I ended up watching TBS's rerun of the SERIES finale of Sex & the city, I mean, the series finale of one of my favourite shows, in its ten millionth rerun, on a network that is also running a pathetic series of Lord of the rings commercials, with Frodo and Sam a' la Brokeback mountain (I find it insulting for my intelligence that since the network is "very funny" then EVERY frigging movie they show should be repackaged in a buffoon costume. Like making Neo from the Matrix sound retarded or Lara Croft sound like she's one of the gals on Lavaline "Meet Lara, she likes to go treasure-hunting...").

So, halfway through Sex and the city Big complains about feeling like a "needy chick". Well, that's me, bloggin away, chomp-chomp-chomping on a ... carrot (because I can't, even now, break my diet), a glass of ... Diet Sprite zero (Jesus!) in my hand.

I guess it's pc that I should stay home on this particular night: I'm still nursing a bad cold with a cough and I have to get up at 6am. But this is the last time I let my double X chromosome stop me, no matter how inappropriate or dangerous (ok, precautions can and will be taken) my actions turn out to be.

Fellow Italians ...

Fellow Italians, it is with the utmost pride and sincerity that I present this recording, as a living testament and recollection of history in the making during our generation:

ROME (Reuters) - Prime Minister Silvio Berlusconi's use of a vulgar word to denigrate his adversaries and his vow to eliminate property taxes raised the heat of campaigning on Tuesday, just five days ahead of a general election.

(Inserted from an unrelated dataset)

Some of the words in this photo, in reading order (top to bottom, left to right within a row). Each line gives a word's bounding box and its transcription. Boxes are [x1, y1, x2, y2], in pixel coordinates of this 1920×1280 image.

Berlusconi, during an address to a shopkeepers' group, branded center-left voters "coglioni". The Italian word is slang for "testicles" but is commonly used as a vulgar insult to describe someone of little intelligence.

"I have too much esteem for the intelligence of Italians to think that they could be such 'coglioni' to vote against their own interests," he said. "Excuse my rough but efficient language."

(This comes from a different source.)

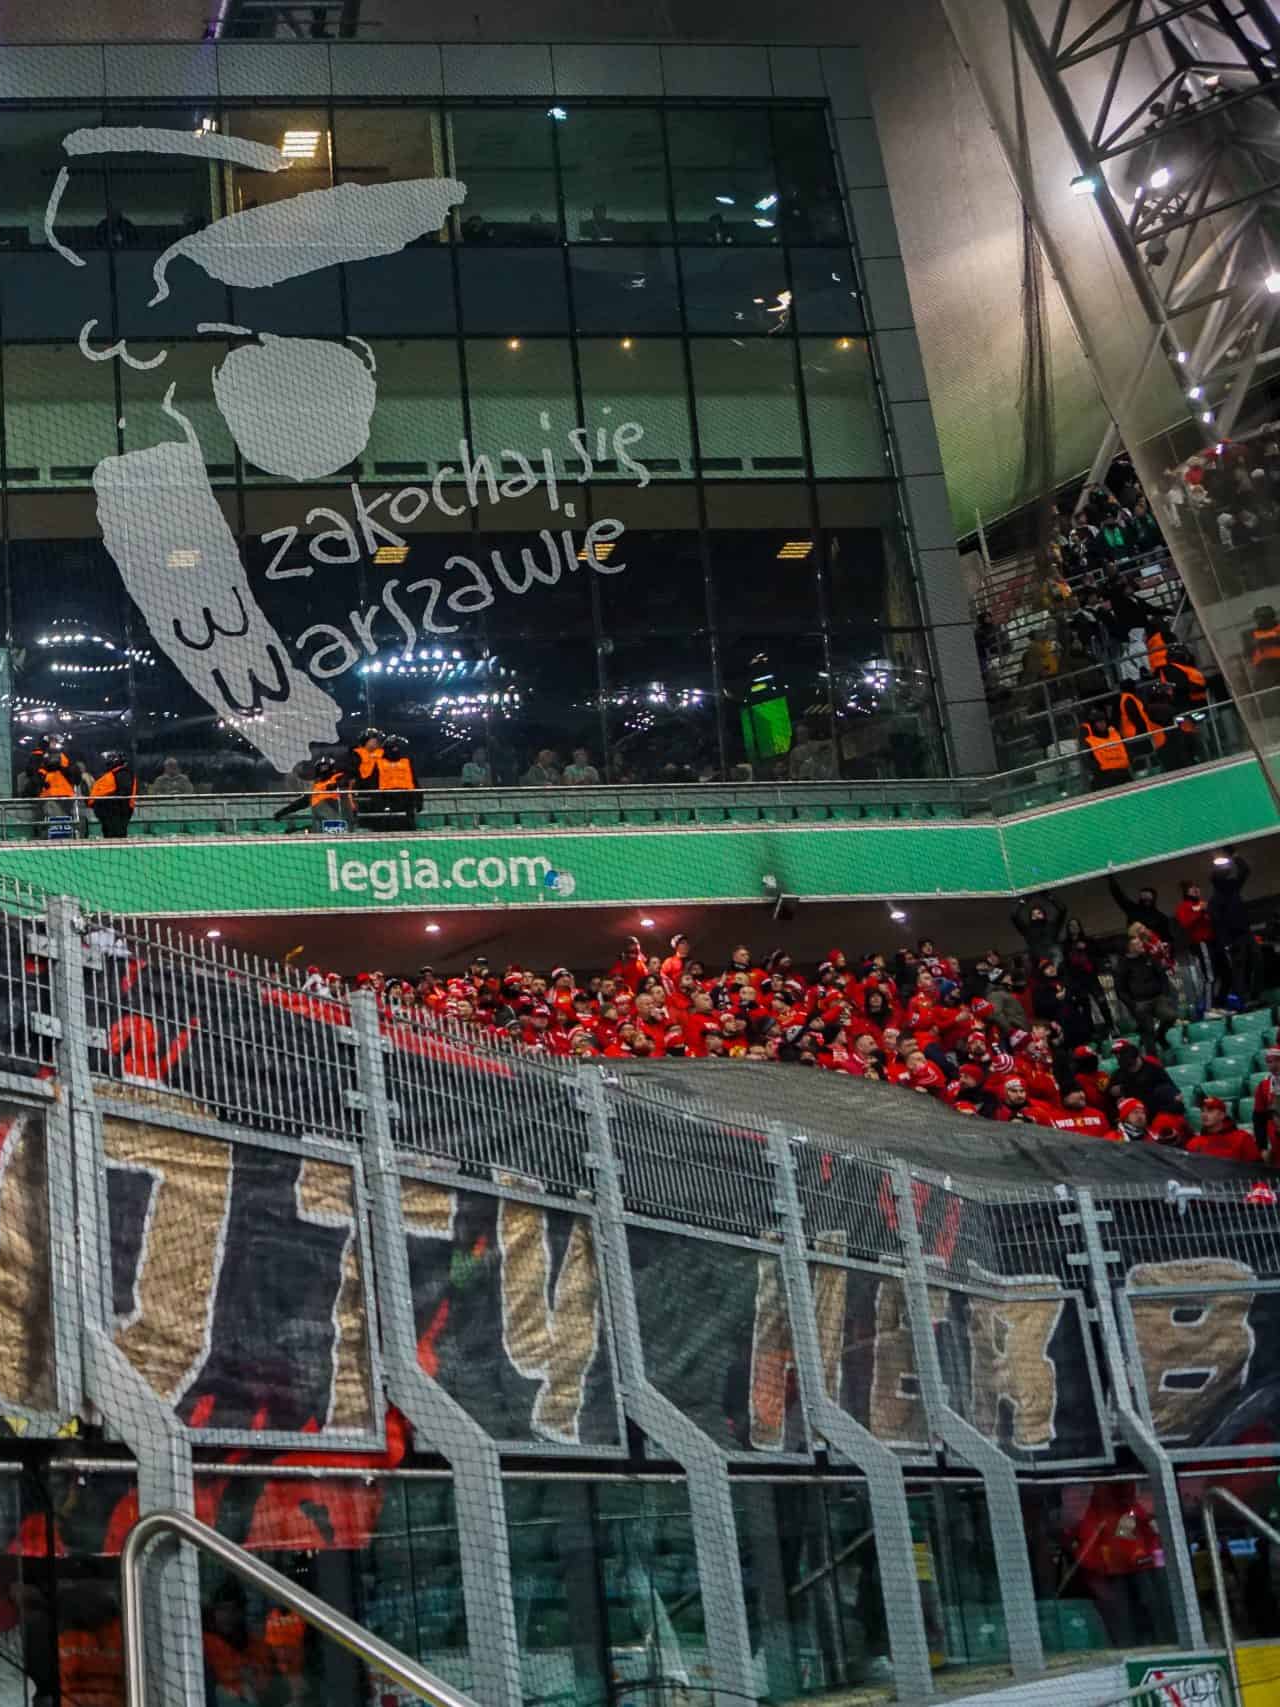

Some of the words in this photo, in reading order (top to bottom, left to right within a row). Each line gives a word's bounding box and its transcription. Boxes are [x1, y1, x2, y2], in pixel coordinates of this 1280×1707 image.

[261, 410, 561, 580] zakochaj
[567, 406, 651, 488] się
[326, 849, 554, 901] legia.com

Translations of "coglioni" in British and American dictionaries range from "idiot", "cretin", "fool" and "moron" to "prick" and "asshole"


Allow me to reintroduce myself, my name is "cogliona". And proud to be. But this time only!

Monday, April 03, 2006

(warriors) come out and DANCE!

... with Beans and RJD2 this Friday for the Guggenheim's First Fridays series.

Tickets are 20$. 20$ for some of the illest shit you've heard and full access to the museum's galleries.

Consider this a call to arms (and legs, and hips, and booties and all that jiggles and waves...). Come ON!

yawn facts

A day for sleep awareness, nay, a whole week, last week to be exact. Of course I only found out when it was wrapping up. But I made the most of those last few hours.

How? Check it out: on the subway heading to Chinatown I read a NYTimes article on "yawn facts" and notice Ambien has reserved a whole page in the same issue to clarify some facts re: Ambien-induced sleepeating/sleepwalking polemic. Once there I'm joined by lovely Pookalu and together we strut to bestkept secret massage parlor and sit down for a 30' back and 30' foot reflexology session. THE PAIN. Excruciating pain, but good for you. Not five minutes into my foot massage, masseause works a spot under my foot (I've given up my Siddhartha-on-top-of-a-mountain smile and I'm trying hard to focus on images of clouds and the Greek alphabet).
"It hurts" I finally say, apologetically
"You don't sleep" she says, matteroffactly
"SO TRUE!" I say, "but what can I do?"
"Sleep more" says young woman in the chair next to mine
Ahhh. Enlightenment.

in praise of red

"Red is the color of the communist flag, the color that makes a surgeon move faster and the color of passion"
Ettore Sottsass, 88-year-old Austrian-born design legend, long based in Milan (the first major American survey of his work is showing at the Los Angeles county museum through June, 11th). See my recent entry "this is how I feel" on his Cartier exhibit.